• **Record set**
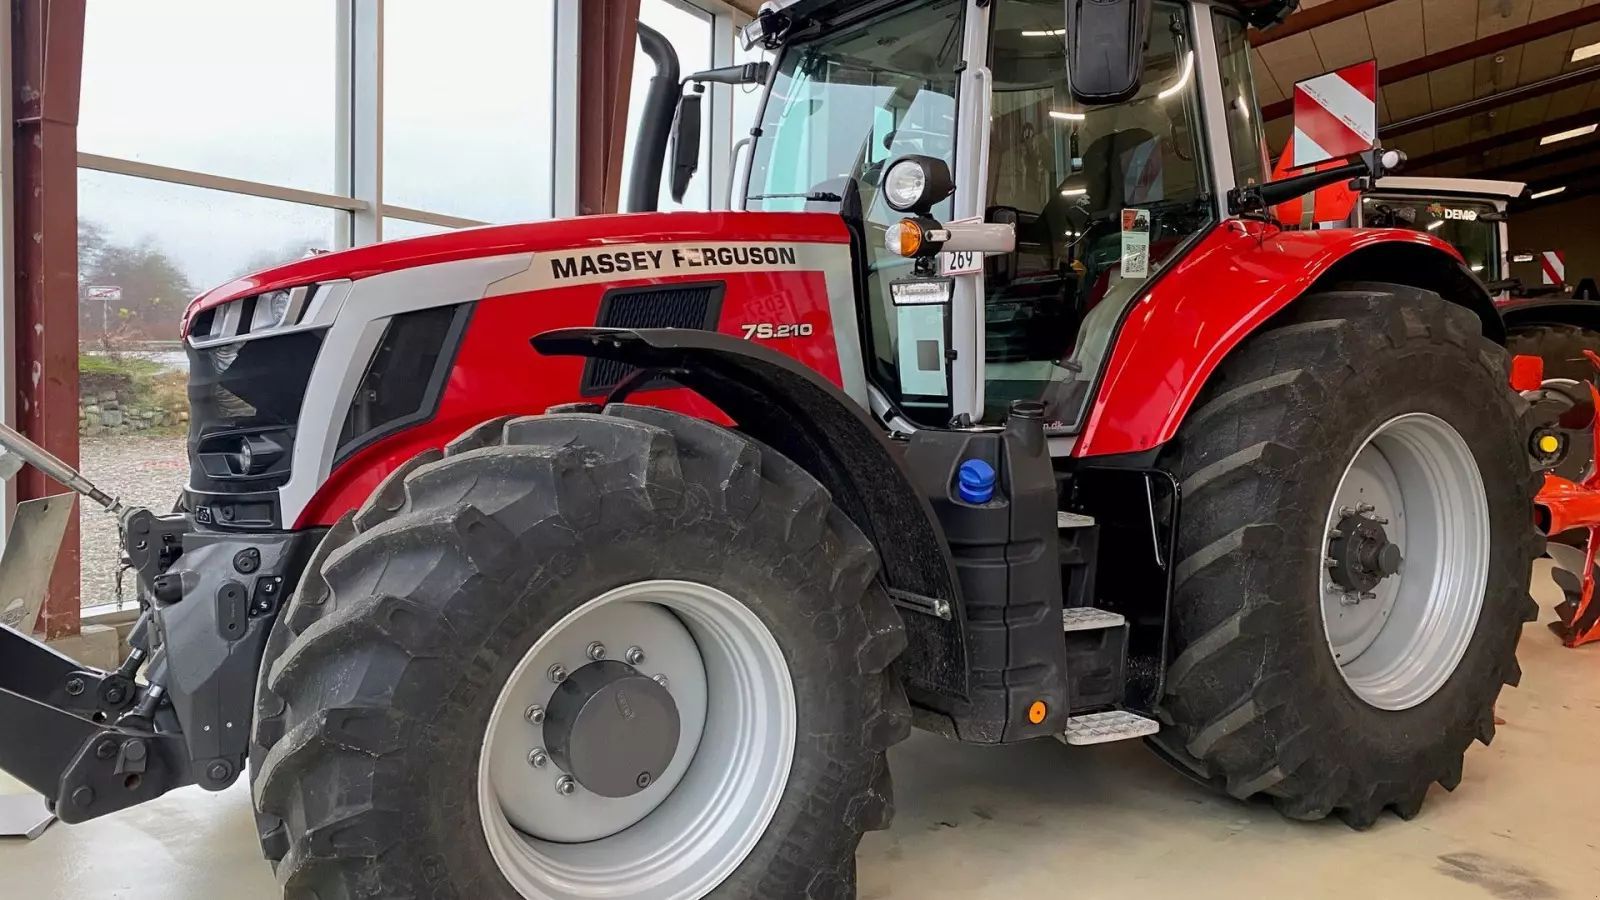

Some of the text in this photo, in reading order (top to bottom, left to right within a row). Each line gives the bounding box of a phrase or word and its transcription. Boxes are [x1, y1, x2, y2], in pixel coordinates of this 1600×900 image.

[1444, 208, 1477, 221] DEMO
[550, 246, 797, 279] MASSEY FERGUSON
[950, 250, 973, 270] 269
[741, 323, 813, 340] 7S.210

• **Work instruction**
The reply should reproduce every entry above word for word and contain no pictures.

• **Result**
Some of the text in this photo, in reading order (top to bottom, left to right within a row). Each line gives the bounding box of a phrase or word and its transcription. Boxes are [x1, y1, x2, y2], in pixel coordinates of this 1600×900 image.

[1444, 208, 1477, 221] DEMO
[550, 246, 797, 279] MASSEY FERGUSON
[950, 250, 973, 270] 269
[741, 323, 813, 340] 7S.210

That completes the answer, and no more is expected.